--- START ---

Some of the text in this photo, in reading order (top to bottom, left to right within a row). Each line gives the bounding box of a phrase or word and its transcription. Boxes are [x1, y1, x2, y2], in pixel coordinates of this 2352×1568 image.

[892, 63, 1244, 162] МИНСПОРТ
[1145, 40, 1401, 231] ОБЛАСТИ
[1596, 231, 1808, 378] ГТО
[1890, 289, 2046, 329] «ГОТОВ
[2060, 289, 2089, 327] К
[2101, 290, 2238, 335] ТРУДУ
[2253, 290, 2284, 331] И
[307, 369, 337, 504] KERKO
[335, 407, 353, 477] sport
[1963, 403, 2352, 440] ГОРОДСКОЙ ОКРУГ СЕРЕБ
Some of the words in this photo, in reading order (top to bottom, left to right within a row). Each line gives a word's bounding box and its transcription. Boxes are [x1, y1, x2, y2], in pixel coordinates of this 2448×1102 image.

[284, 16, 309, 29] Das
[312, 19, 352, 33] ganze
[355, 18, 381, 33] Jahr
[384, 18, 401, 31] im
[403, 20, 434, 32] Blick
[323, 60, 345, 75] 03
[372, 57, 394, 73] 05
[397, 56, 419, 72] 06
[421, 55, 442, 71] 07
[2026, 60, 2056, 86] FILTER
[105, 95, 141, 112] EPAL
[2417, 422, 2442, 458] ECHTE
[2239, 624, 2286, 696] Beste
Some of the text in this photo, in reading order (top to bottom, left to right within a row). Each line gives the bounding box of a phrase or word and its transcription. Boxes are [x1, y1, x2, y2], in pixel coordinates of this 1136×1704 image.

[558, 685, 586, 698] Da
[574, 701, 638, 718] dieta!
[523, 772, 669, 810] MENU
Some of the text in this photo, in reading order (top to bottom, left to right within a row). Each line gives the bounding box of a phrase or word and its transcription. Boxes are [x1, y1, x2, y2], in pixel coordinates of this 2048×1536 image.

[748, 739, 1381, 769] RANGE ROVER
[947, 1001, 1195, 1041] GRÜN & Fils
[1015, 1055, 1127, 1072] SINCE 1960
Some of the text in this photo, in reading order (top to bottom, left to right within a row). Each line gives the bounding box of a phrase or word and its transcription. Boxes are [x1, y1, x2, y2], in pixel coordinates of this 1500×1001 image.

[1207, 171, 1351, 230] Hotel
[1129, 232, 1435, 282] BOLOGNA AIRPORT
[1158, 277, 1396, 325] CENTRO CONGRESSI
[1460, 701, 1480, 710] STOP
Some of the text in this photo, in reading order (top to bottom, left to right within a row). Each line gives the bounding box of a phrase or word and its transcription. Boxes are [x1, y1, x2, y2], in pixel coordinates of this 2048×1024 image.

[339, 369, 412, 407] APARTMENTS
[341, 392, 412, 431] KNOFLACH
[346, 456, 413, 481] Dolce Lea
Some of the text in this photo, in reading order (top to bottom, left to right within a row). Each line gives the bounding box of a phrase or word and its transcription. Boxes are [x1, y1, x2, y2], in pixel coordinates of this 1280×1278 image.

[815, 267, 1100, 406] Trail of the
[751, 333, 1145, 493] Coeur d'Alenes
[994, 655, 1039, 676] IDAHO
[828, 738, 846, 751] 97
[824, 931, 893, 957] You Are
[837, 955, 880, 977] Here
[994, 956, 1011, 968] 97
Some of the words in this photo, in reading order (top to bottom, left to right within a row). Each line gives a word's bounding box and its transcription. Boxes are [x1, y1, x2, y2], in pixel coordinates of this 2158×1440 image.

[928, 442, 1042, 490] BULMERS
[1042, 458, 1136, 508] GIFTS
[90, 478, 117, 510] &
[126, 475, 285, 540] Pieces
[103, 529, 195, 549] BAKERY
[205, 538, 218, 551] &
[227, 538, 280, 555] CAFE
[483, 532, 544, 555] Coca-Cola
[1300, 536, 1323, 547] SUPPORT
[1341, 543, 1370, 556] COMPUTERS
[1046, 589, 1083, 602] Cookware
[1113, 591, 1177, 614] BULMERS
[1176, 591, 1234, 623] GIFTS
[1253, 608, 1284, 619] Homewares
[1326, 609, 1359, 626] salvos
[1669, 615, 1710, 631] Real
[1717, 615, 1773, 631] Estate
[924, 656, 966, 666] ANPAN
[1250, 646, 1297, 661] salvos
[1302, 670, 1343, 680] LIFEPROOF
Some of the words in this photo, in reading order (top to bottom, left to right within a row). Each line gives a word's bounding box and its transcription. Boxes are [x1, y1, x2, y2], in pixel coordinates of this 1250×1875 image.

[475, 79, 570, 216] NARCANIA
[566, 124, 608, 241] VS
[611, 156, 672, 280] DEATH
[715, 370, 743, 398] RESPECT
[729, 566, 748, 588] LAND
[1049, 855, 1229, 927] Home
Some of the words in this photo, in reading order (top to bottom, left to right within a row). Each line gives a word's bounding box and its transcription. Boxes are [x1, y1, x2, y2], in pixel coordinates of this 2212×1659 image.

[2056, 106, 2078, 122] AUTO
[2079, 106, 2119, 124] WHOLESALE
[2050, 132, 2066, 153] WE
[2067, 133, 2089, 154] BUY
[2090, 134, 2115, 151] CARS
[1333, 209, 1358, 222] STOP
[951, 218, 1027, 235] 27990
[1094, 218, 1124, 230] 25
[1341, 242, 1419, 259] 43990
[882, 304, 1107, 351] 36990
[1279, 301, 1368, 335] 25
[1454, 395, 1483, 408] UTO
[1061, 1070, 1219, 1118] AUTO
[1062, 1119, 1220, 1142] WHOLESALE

--- END ---

§ **WHAT TO PRODUCE**: The data above should be output exactly, with each line intact.

§ **YOUR RESPONSE**:
Some of the text in this photo, in reading order (top to bottom, left to right within a row). Each line gives the bounding box of a phrase or word and its transcription. Boxes are [x1, y1, x2, y2], in pixel coordinates of this 2352×1568 image.

[892, 63, 1244, 162] МИНСПОРТ
[1145, 40, 1401, 231] ОБЛАСТИ
[1596, 231, 1808, 378] ГТО
[1890, 289, 2046, 329] «ГОТОВ
[2060, 289, 2089, 327] К
[2101, 290, 2238, 335] ТРУДУ
[2253, 290, 2284, 331] И
[307, 369, 337, 504] KERKO
[335, 407, 353, 477] sport
[1963, 403, 2352, 440] ГОРОДСКОЙ ОКРУГ СЕРЕБ
Some of the words in this photo, in reading order (top to bottom, left to right within a row). Each line gives a word's bounding box and its transcription. Boxes are [x1, y1, x2, y2], in pixel coordinates of this 2448×1102 image.

[284, 16, 309, 29] Das
[312, 19, 352, 33] ganze
[355, 18, 381, 33] Jahr
[384, 18, 401, 31] im
[403, 20, 434, 32] Blick
[323, 60, 345, 75] 03
[372, 57, 394, 73] 05
[397, 56, 419, 72] 06
[421, 55, 442, 71] 07
[2026, 60, 2056, 86] FILTER
[105, 95, 141, 112] EPAL
[2417, 422, 2442, 458] ECHTE
[2239, 624, 2286, 696] Beste
Some of the text in this photo, in reading order (top to bottom, left to right within a row). Each line gives the bounding box of a phrase or word and its transcription. Boxes are [x1, y1, x2, y2], in pixel coordinates of this 1136×1704 image.

[558, 685, 586, 698] Da
[574, 701, 638, 718] dieta!
[523, 772, 669, 810] MENU
Some of the text in this photo, in reading order (top to bottom, left to right within a row). Each line gives the bounding box of a phrase or word and its transcription. Boxes are [x1, y1, x2, y2], in pixel coordinates of this 2048×1536 image.

[748, 739, 1381, 769] RANGE ROVER
[947, 1001, 1195, 1041] GRÜN & Fils
[1015, 1055, 1127, 1072] SINCE 1960
Some of the text in this photo, in reading order (top to bottom, left to right within a row). Each line gives the bounding box of a phrase or word and its transcription. Boxes are [x1, y1, x2, y2], in pixel coordinates of this 1500×1001 image.

[1207, 171, 1351, 230] Hotel
[1129, 232, 1435, 282] BOLOGNA AIRPORT
[1158, 277, 1396, 325] CENTRO CONGRESSI
[1460, 701, 1480, 710] STOP
Some of the text in this photo, in reading order (top to bottom, left to right within a row). Each line gives the bounding box of a phrase or word and its transcription. Boxes are [x1, y1, x2, y2], in pixel coordinates of this 2048×1024 image.

[339, 369, 412, 407] APARTMENTS
[341, 392, 412, 431] KNOFLACH
[346, 456, 413, 481] Dolce Lea
Some of the text in this photo, in reading order (top to bottom, left to right within a row). Each line gives the bounding box of a phrase or word and its transcription. Boxes are [x1, y1, x2, y2], in pixel coordinates of this 1280×1278 image.

[815, 267, 1100, 406] Trail of the
[751, 333, 1145, 493] Coeur d'Alenes
[994, 655, 1039, 676] IDAHO
[828, 738, 846, 751] 97
[824, 931, 893, 957] You Are
[837, 955, 880, 977] Here
[994, 956, 1011, 968] 97
Some of the words in this photo, in reading order (top to bottom, left to right within a row). Each line gives a word's bounding box and its transcription. Boxes are [x1, y1, x2, y2], in pixel coordinates of this 2158×1440 image.

[928, 442, 1042, 490] BULMERS
[1042, 458, 1136, 508] GIFTS
[90, 478, 117, 510] &
[126, 475, 285, 540] Pieces
[103, 529, 195, 549] BAKERY
[205, 538, 218, 551] &
[227, 538, 280, 555] CAFE
[483, 532, 544, 555] Coca-Cola
[1300, 536, 1323, 547] SUPPORT
[1341, 543, 1370, 556] COMPUTERS
[1046, 589, 1083, 602] Cookware
[1113, 591, 1177, 614] BULMERS
[1176, 591, 1234, 623] GIFTS
[1253, 608, 1284, 619] Homewares
[1326, 609, 1359, 626] salvos
[1669, 615, 1710, 631] Real
[1717, 615, 1773, 631] Estate
[924, 656, 966, 666] ANPAN
[1250, 646, 1297, 661] salvos
[1302, 670, 1343, 680] LIFEPROOF
Some of the words in this photo, in reading order (top to bottom, left to right within a row). Each line gives a word's bounding box and its transcription. Boxes are [x1, y1, x2, y2], in pixel coordinates of this 1250×1875 image.

[475, 79, 570, 216] NARCANIA
[566, 124, 608, 241] VS
[611, 156, 672, 280] DEATH
[715, 370, 743, 398] RESPECT
[729, 566, 748, 588] LAND
[1049, 855, 1229, 927] Home
Some of the words in this photo, in reading order (top to bottom, left to right within a row). Each line gives a word's bounding box and its transcription. Boxes are [x1, y1, x2, y2], in pixel coordinates of this 2212×1659 image.

[2056, 106, 2078, 122] AUTO
[2079, 106, 2119, 124] WHOLESALE
[2050, 132, 2066, 153] WE
[2067, 133, 2089, 154] BUY
[2090, 134, 2115, 151] CARS
[1333, 209, 1358, 222] STOP
[951, 218, 1027, 235] 27990
[1094, 218, 1124, 230] 25
[1341, 242, 1419, 259] 43990
[882, 304, 1107, 351] 36990
[1279, 301, 1368, 335] 25
[1454, 395, 1483, 408] UTO
[1061, 1070, 1219, 1118] AUTO
[1062, 1119, 1220, 1142] WHOLESALE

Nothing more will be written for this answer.